Após Curiosity, incertezas rondam programa da Nasa em Marte
A chegada do robot Curiosity da NASA a Marte esta semana preparou o terreno para uma potencialmente mudança na missão para saber se o planeta mais parecido com a Terra já teve a hipótese de desenvolver vida, embora as missões de acompanhamento só existam em rascunhos.
Os Estados Unidos havia planeado uma equipa com a Europa num trio de missões a partir de 2016 que culminaria com o retorno de amostras de rochas de Marte para a Terra, um esforço que o Conselho Nacional de Pesquisa considera uma prioridade máxima em ciência planetária para a próxima década.
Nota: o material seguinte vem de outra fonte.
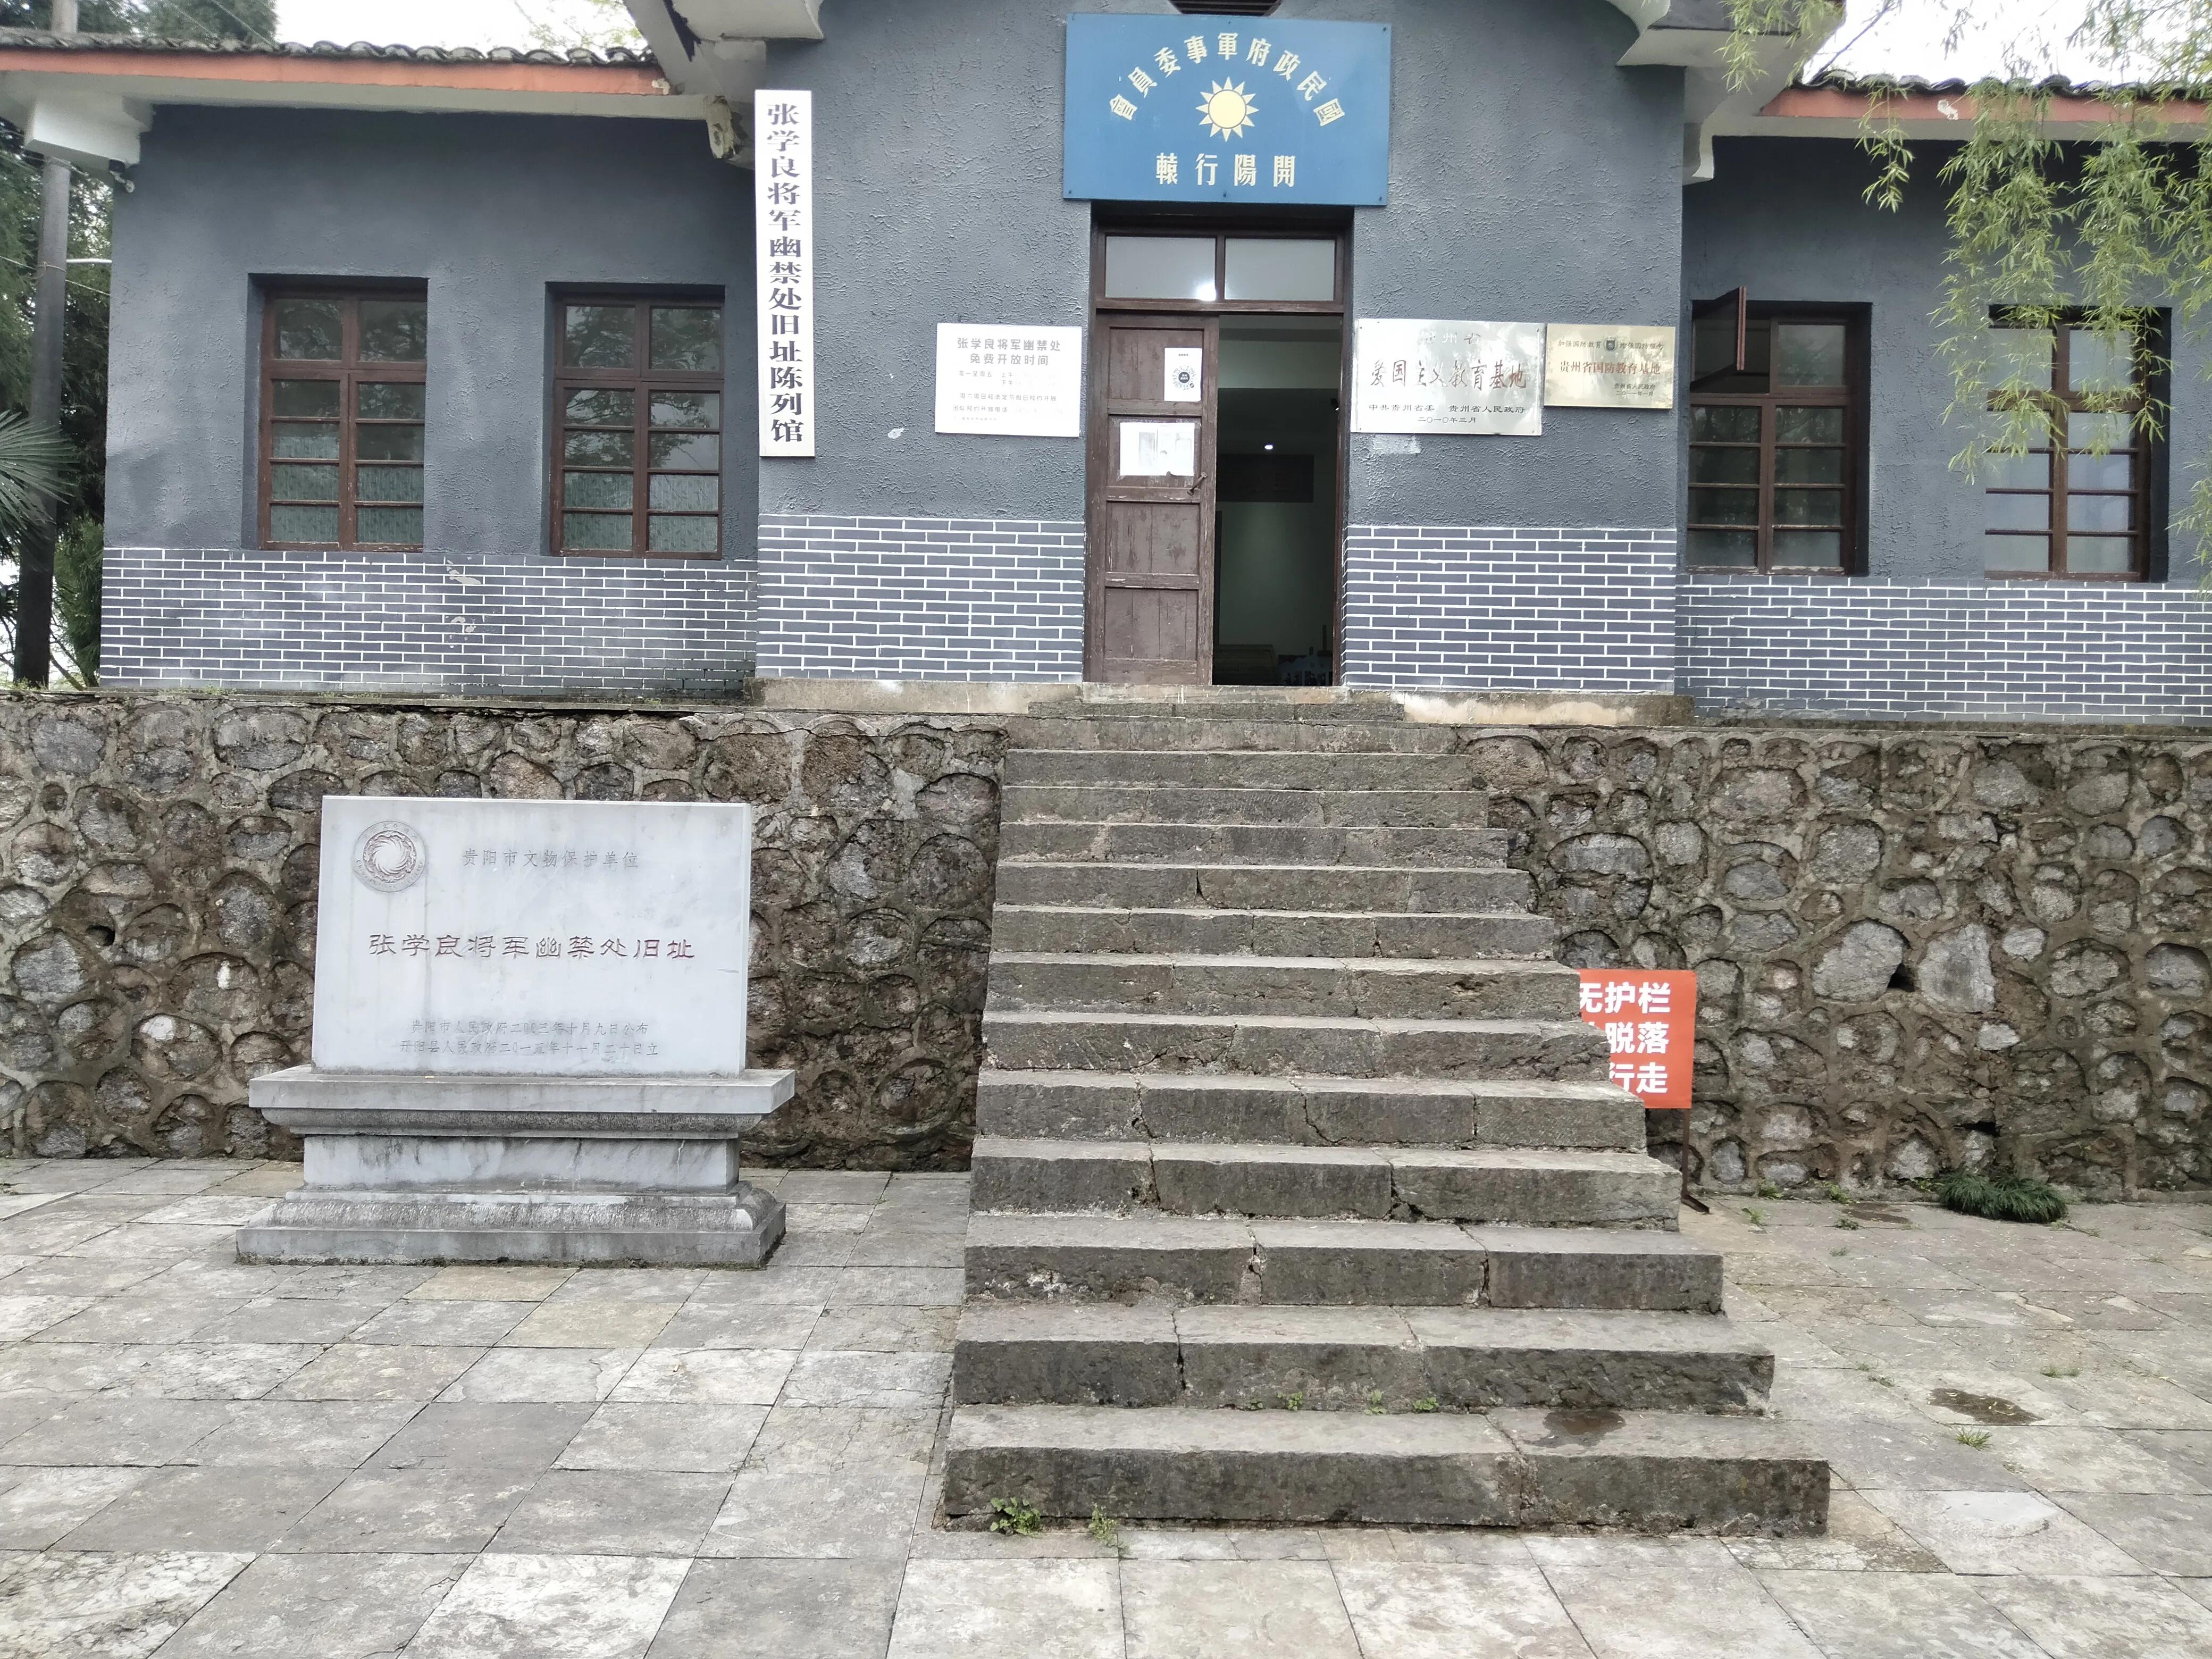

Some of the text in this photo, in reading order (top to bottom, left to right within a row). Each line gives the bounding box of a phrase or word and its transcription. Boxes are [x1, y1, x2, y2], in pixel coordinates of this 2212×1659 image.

[767, 103, 804, 442] 张学良将军幽禁处旧址陈列馆
[957, 338, 1061, 351] 张学良将军幽禁处
[970, 353, 1048, 366] 免费开放时间
[1561, 361, 1660, 375] 贵州省国防教育基地
[1370, 359, 1527, 391] 爱国主义教育基地
[462, 848, 638, 869] 贵阳市文物保护单位
[369, 934, 694, 959] 张学良将军幽禁处旧址
[1579, 982, 1671, 1014] 无护栏
[1588, 1021, 1669, 1054] 脱落
[1609, 1062, 1668, 1093] 行走
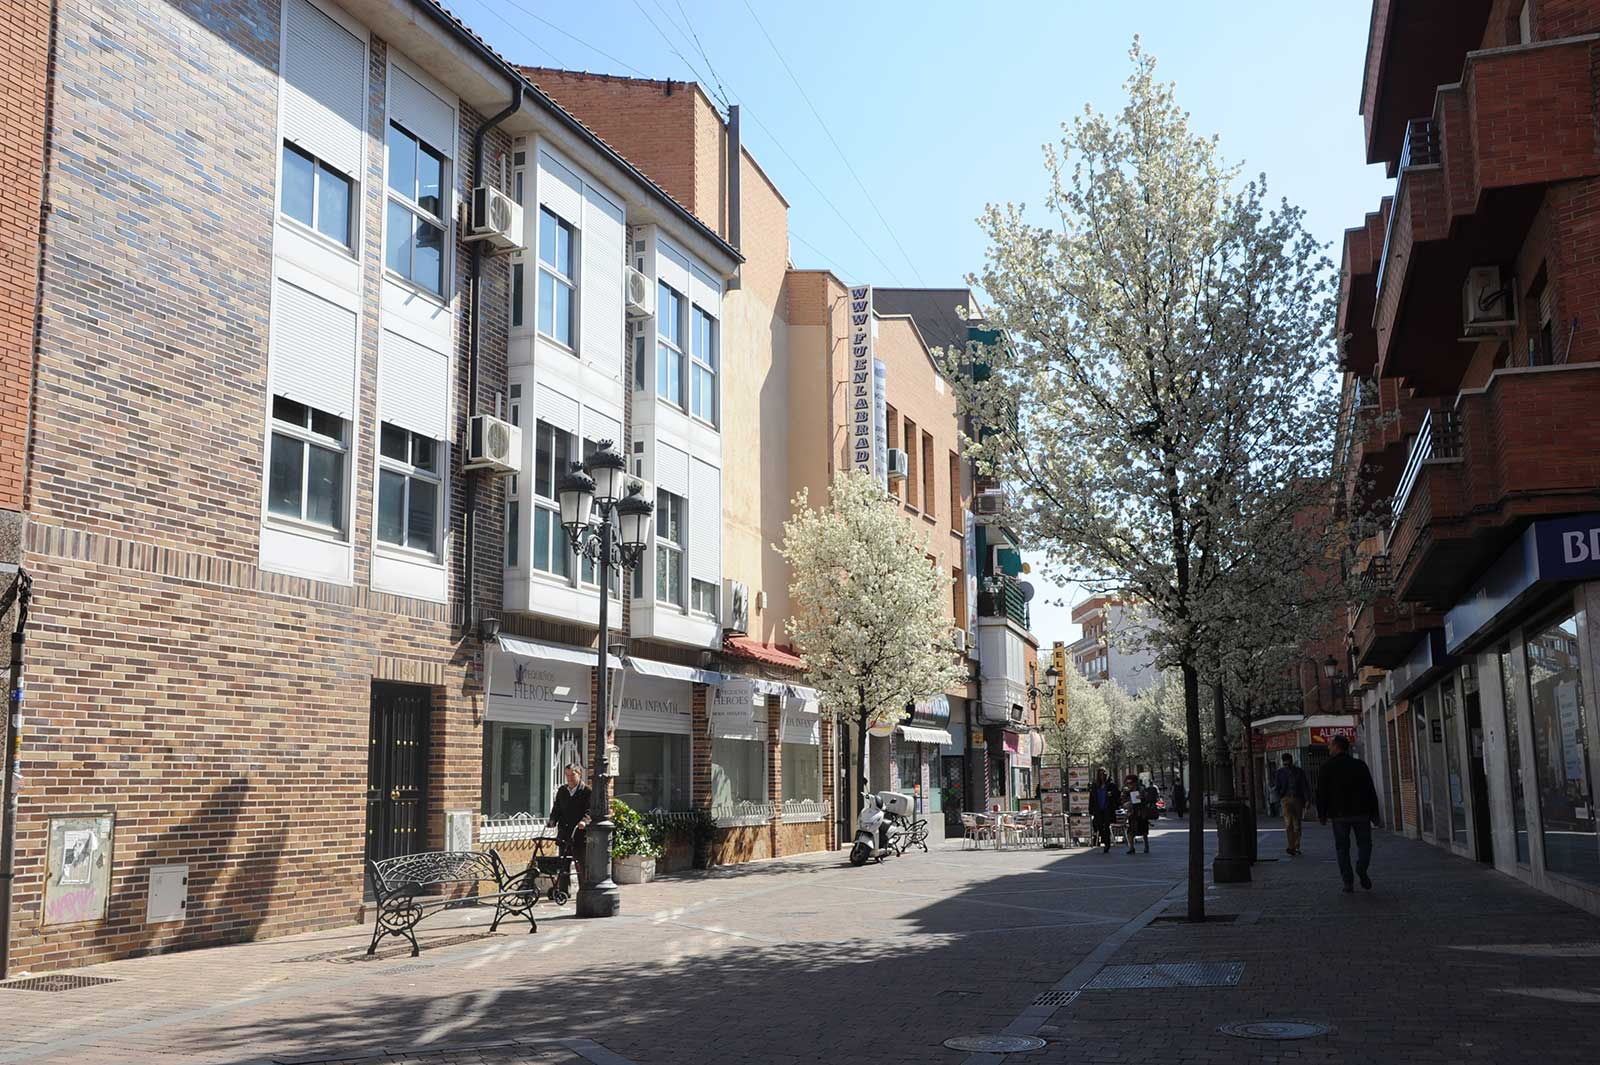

Citando preocupações com o orçamento, a administração de Obama colocou um fim na participação da NASA no programa europeu ExoMars no início do ano, levando a agência espacial dos EUA a reexaminar as suas opções antes que mais uma oportunidade de voo apareça. Terra e Marte alinham-se favoravelmente para lançamentos a cada 26 meses.
Um relatório da NASA, que deverá ser divulgado este mês, deverá destacar alternativas de menor custo para as missões em Marte que poderão ser lançadas em 2018 e 2020.
Uma segunda missão espacial para acompanhar as descobertas do Curiosity ou para explorar outros três locais de aterragem identificados originalmente para o Curiosity poderiam ser «o próximo passo lógico», disse o chefe do programa de exploração em Marte, Doug McCuistion. Mas duvida que terá o dinheiro para isso.